= DATA PROVIDED =
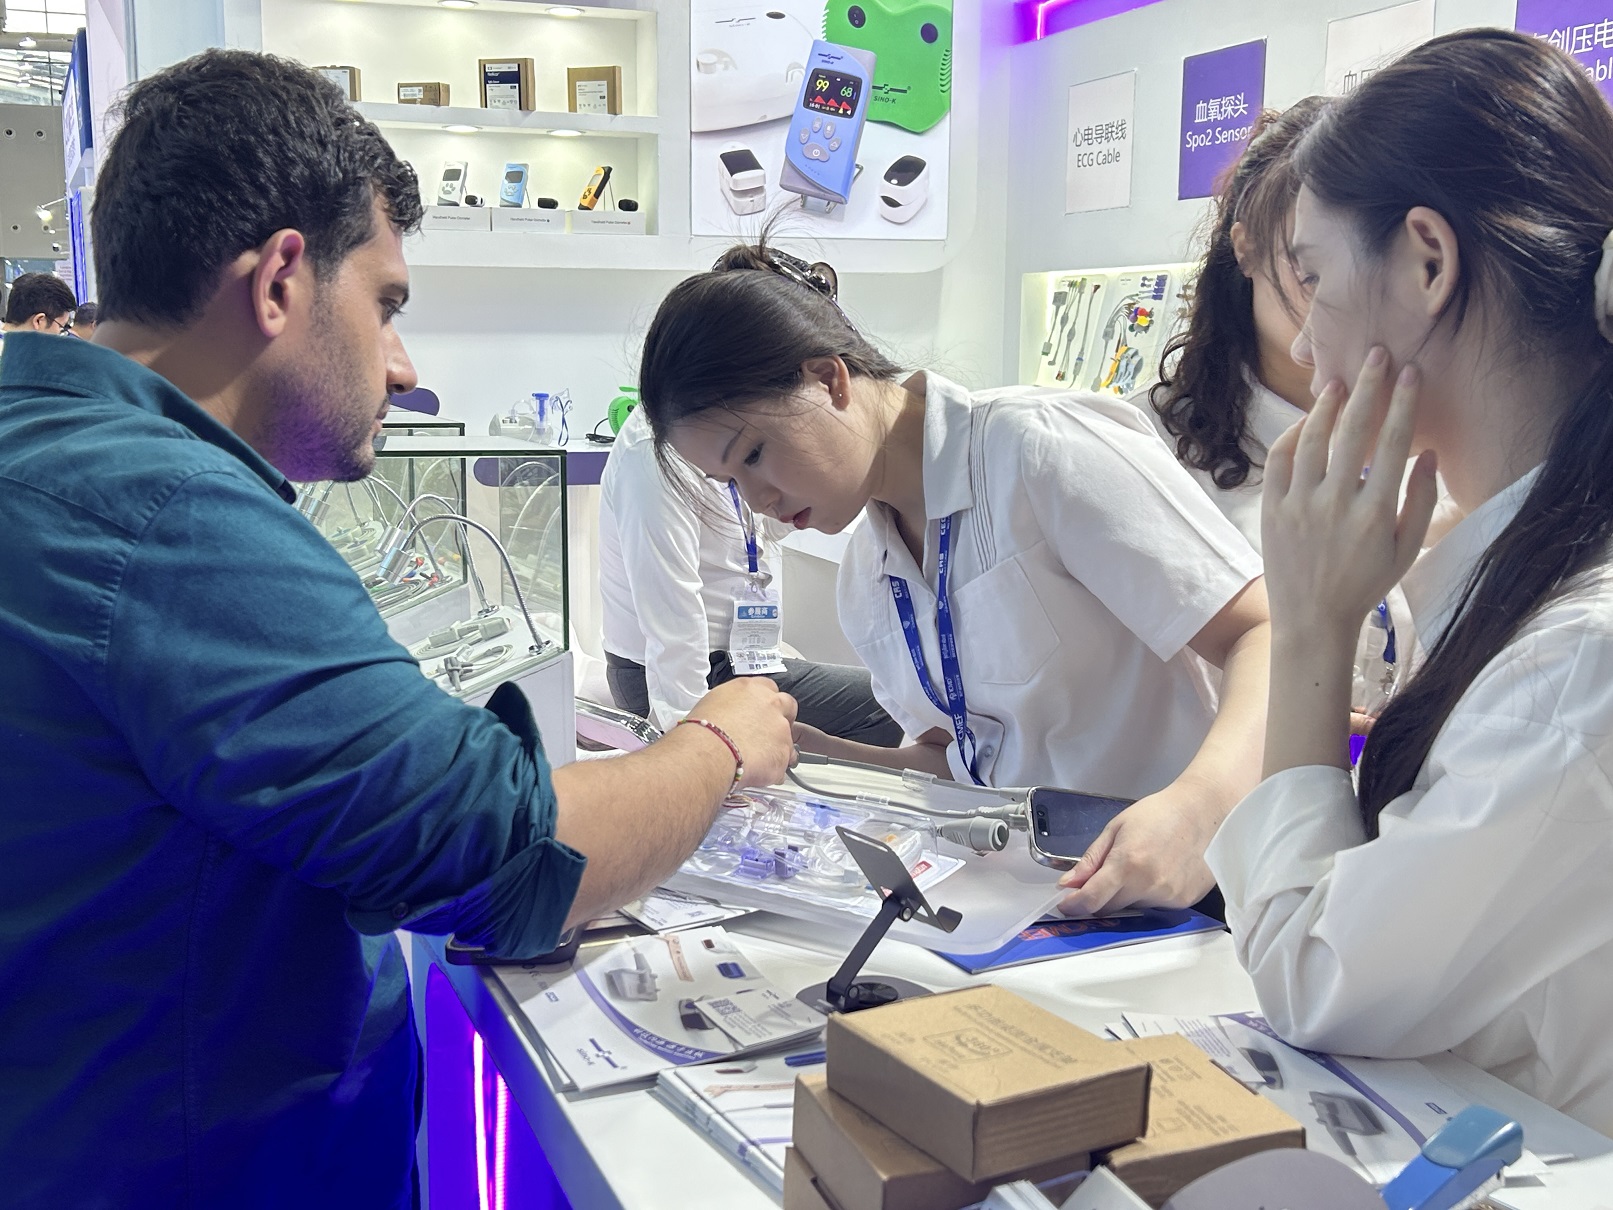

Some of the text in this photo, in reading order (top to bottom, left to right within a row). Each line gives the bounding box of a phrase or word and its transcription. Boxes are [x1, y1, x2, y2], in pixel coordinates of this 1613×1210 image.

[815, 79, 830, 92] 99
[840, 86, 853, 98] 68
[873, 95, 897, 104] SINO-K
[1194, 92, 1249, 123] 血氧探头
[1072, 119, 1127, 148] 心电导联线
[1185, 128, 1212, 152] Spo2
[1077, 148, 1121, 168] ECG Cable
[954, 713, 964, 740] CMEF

= TRY IT =
Every entry above should be written out again verbatim, with no pictures included.

= RESPONSE AREA =
Some of the text in this photo, in reading order (top to bottom, left to right within a row). Each line gives the bounding box of a phrase or word and its transcription. Boxes are [x1, y1, x2, y2], in pixel coordinates of this 1613×1210 image.

[815, 79, 830, 92] 99
[840, 86, 853, 98] 68
[873, 95, 897, 104] SINO-K
[1194, 92, 1249, 123] 血氧探头
[1072, 119, 1127, 148] 心电导联线
[1185, 128, 1212, 152] Spo2
[1077, 148, 1121, 168] ECG Cable
[954, 713, 964, 740] CMEF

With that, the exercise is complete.